Se podría discutir (o no) la pertinencia de publicar estos extractos, pues Venecia forma parte del tramo final de un libro mucho más amplio, En el país del arte, que Blasco publicó por entregas en 1896 en “El Pueblo”, periódico por él fundado, y que Evohé editó íntegro el año pasado.
El joven Blasco, que no había cumplido los treinta años, tuvo que salir por piernas de Valencia, donde desarrollaba una airada actividad republicana y antimonárquica, y decidió darse un garbeo por las principales ciudades italianas, muy pendiente de su historia y de su formidable patrimonio pictórico y arquitectónico. Lamentablemente, a su regreso, fue encarcelado durante unos meses.
Todavía no era el exitoso autor de La barraca (1898), Entre naranjos (1900) y Cañas y barro (1902), ni, mucho menos, el escritor de fama mundial que Hollywood canonizaría después llevando a la pantalla a bombo y platillo sus novelas Sangre y arena (1908) y, entre otras, Los cuatro jinetes del Apocalipsis (1916).
Blasco Ibáñez llegó a Venecia en tren, procedente de Florencia, y, como era de esperar, quedó inmediatamente cautivado por el “espectáculo” y el “ensueño” de la ciudad adriática. El escritor no desgrana al detalle sus pequeñas experiencias de viajero, ni habla apenas de la gente con la que se encuentra, excepción hecha de algunos apuntes sobre los inevitables gondoleros y sobre las mujeres, a las que, como es sabido, tenía gran afición.
Lo que hace Blasco, en seis capítulos, es, sobre todo, visitar los grandes enclaves venecianos –la plaza y basílica de San Marcos, el palacio de los Dogos y todo lo demás-, zambulléndose en el arte sacro, palaciego y civil y efectuando al hilo constantes incursiones en el agitado pasado de la república veneciana y en algunas de las figuras más descollantes de esa ciudad de perfume oriental, que estuvo poblada por moros y aventureros y que gozó de un esplendor artístico, económico y político en cuyo envés vivió conspiraciones, delaciones, crímenes y sangrientos y opresivos terrores sin cuento.
La prosa es sencilla, plástica y primordialmente eficaz –no olvidemos que escribía para los lectores de un periódico popular- y soporta bien una erudición apetitosa, instructiva y amable, si bien Blasco, que a veces parece estar en un tris de escribir en alejandrinos, engola el tono, lo enfatiza de puro entusiasmo, y cualquiera diría que, en lugar de redactar para ser leído, lo hace para ser escuchado, como si su texto fuera a ser locutado por una voz en “off” que acompañara a imágenes documentales.

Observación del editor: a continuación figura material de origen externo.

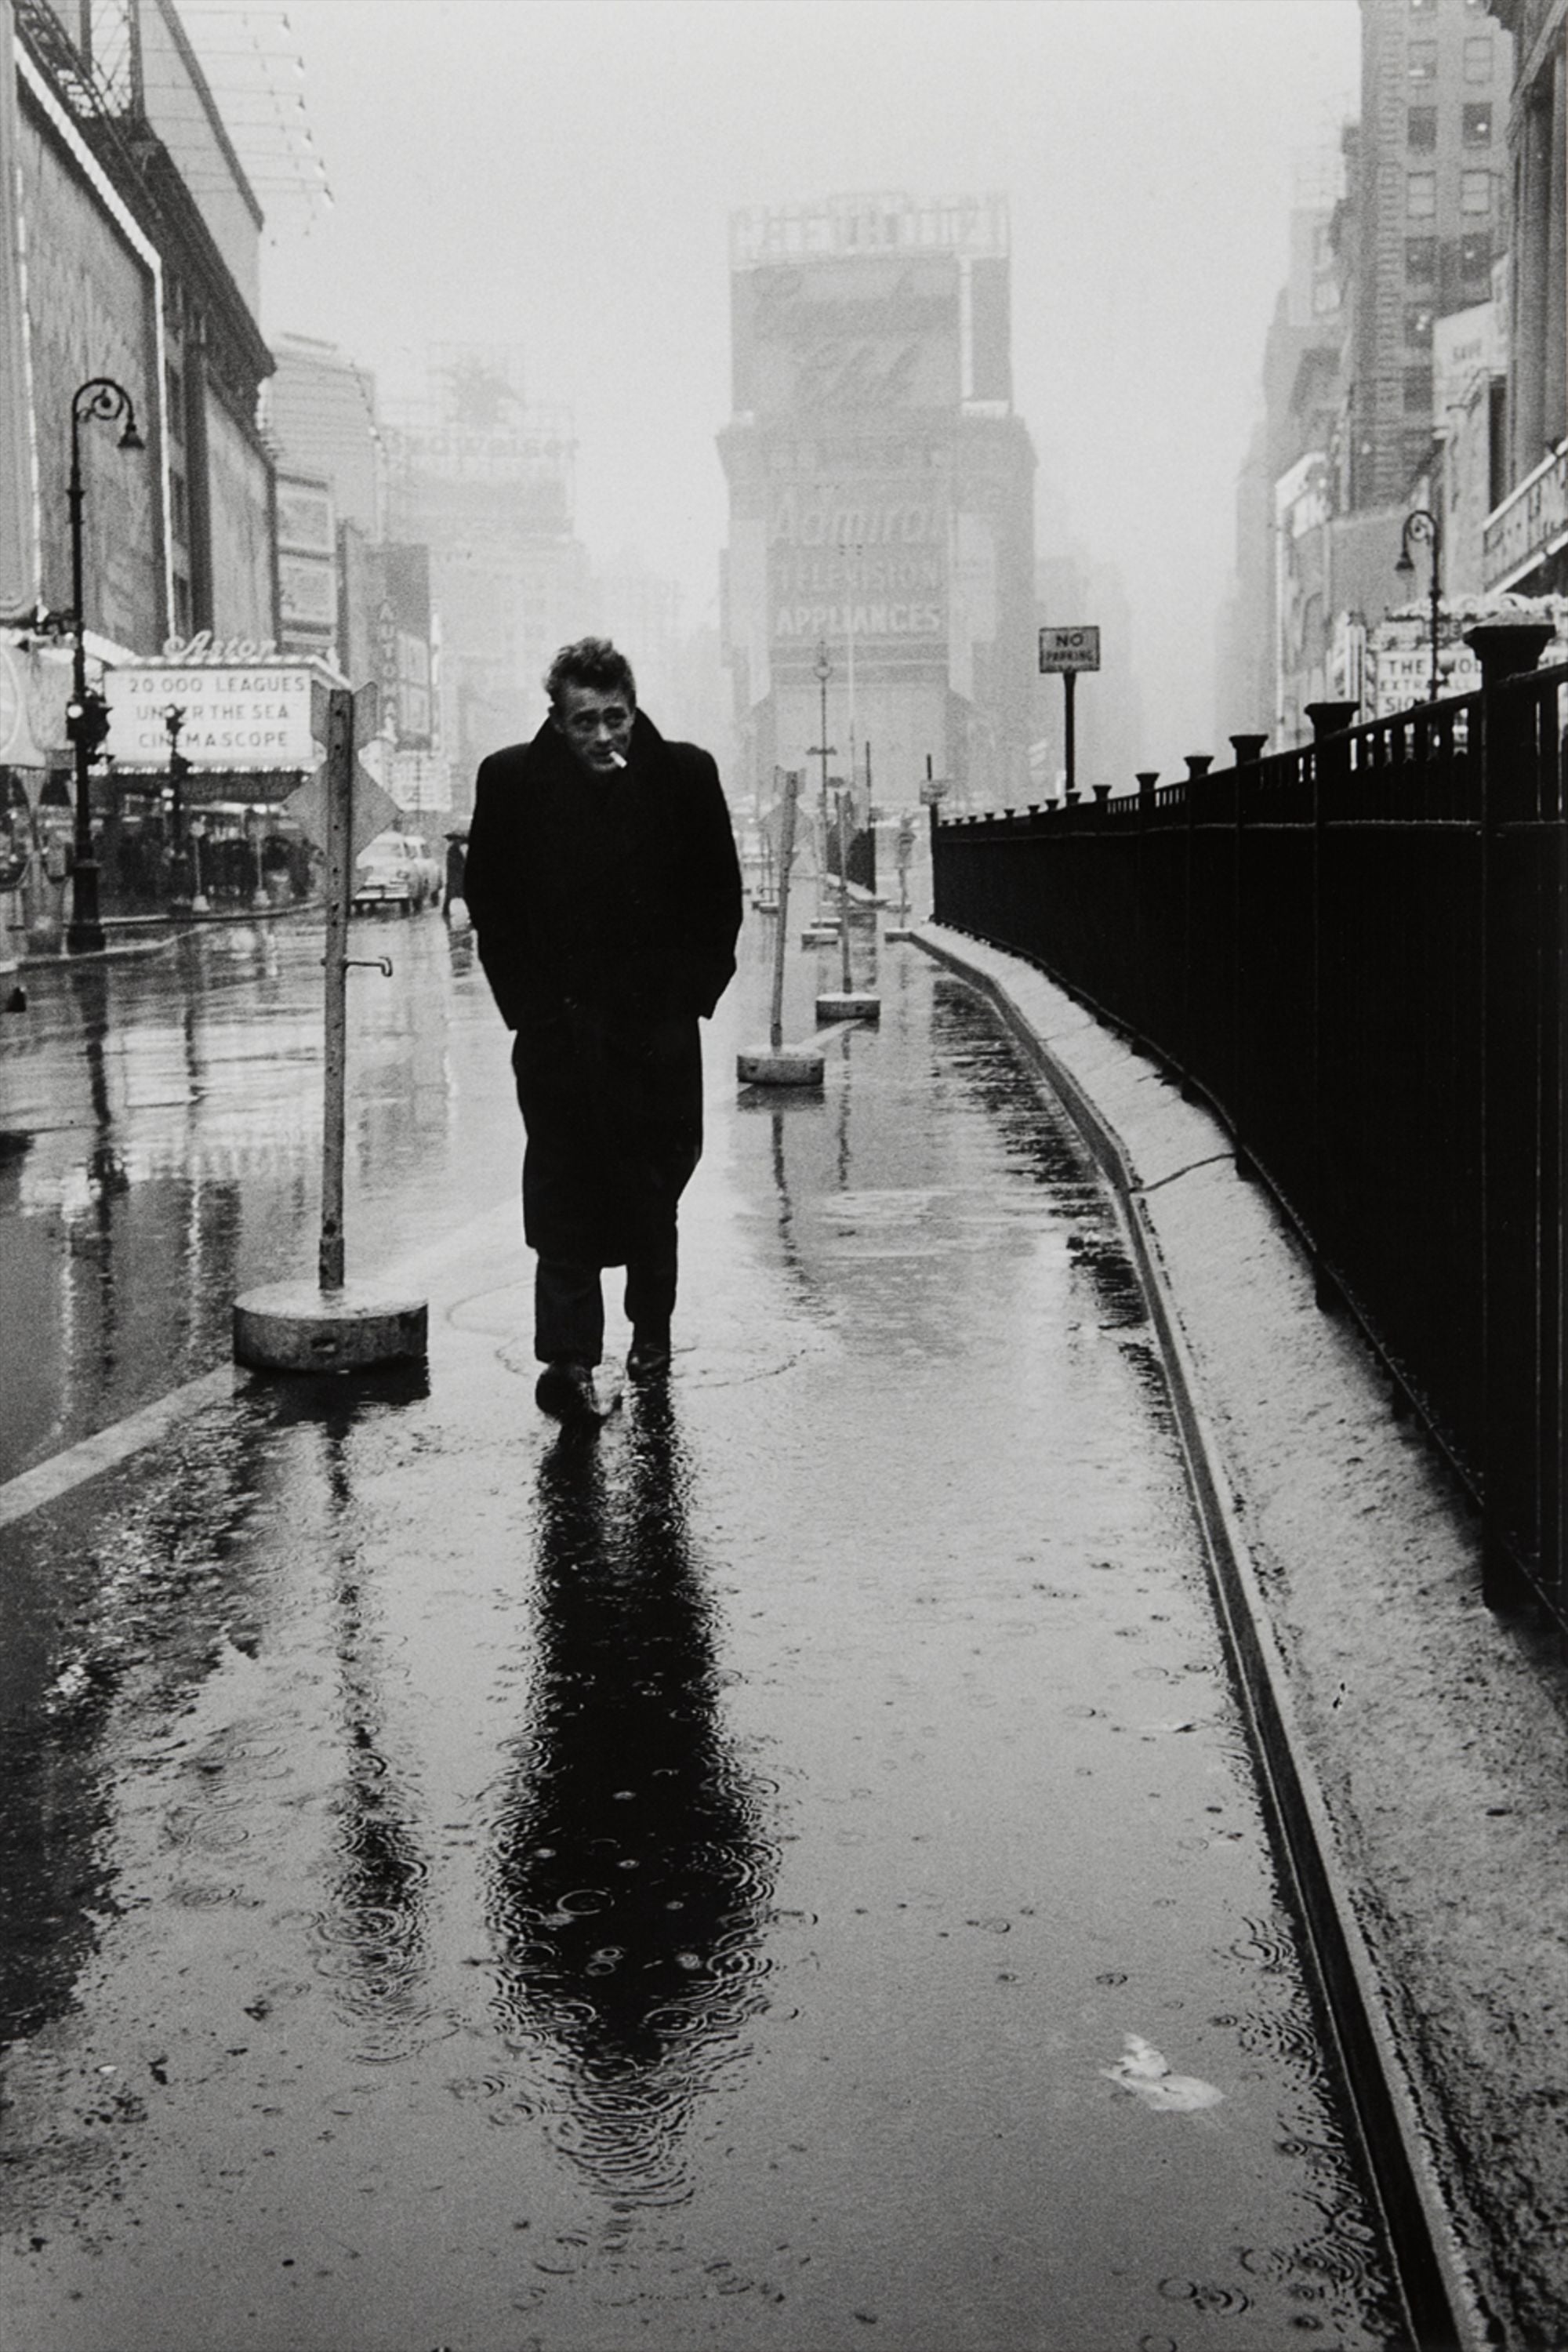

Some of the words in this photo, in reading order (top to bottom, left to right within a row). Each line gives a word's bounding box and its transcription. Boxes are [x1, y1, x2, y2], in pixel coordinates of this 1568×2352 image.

[776, 603, 941, 634] APPLIANCES
[1055, 633, 1083, 647] NO
[1388, 659, 1426, 675] THE
[216, 676, 305, 692] LEAGUES
[136, 705, 205, 720] UNR
[211, 705, 243, 720] THE
[252, 704, 289, 720] SEA

Nos encontramos con el siguiente párrafo casi al final: “En la fúnebre soledad de este canal que tantos crímenes recuerda se siente el instintivo terror que produce un cementerio a medianoche. Parece que del fangoso fondo, envueltos en sudarios, van a surgir a flor de agua, como interminable procesión de espectros, todas las víctimas del Consejo de los Diez, agarrándose con las huesosas manos a los costados de la góndola, clavando en el extranjero la mirada fija de sus ojos amarillos y empañados y entonando como un rugido, con sus bocas llenas de pestilente barro, “Dies irae” contra la Venecia inquisitorial que los asesinó”.
¡Caramba! He aquí una terrorífica visión gótica, fantástica, un tanto a lo Poe y Lovecraft, que confirma el interés de Blasco por el lado oscuro de Venecia, el interés por dejar constancia de los excesos de los tiranos que durante tanto tiempo gobernaron esa ciudad de ensueño. Y de pesadilla.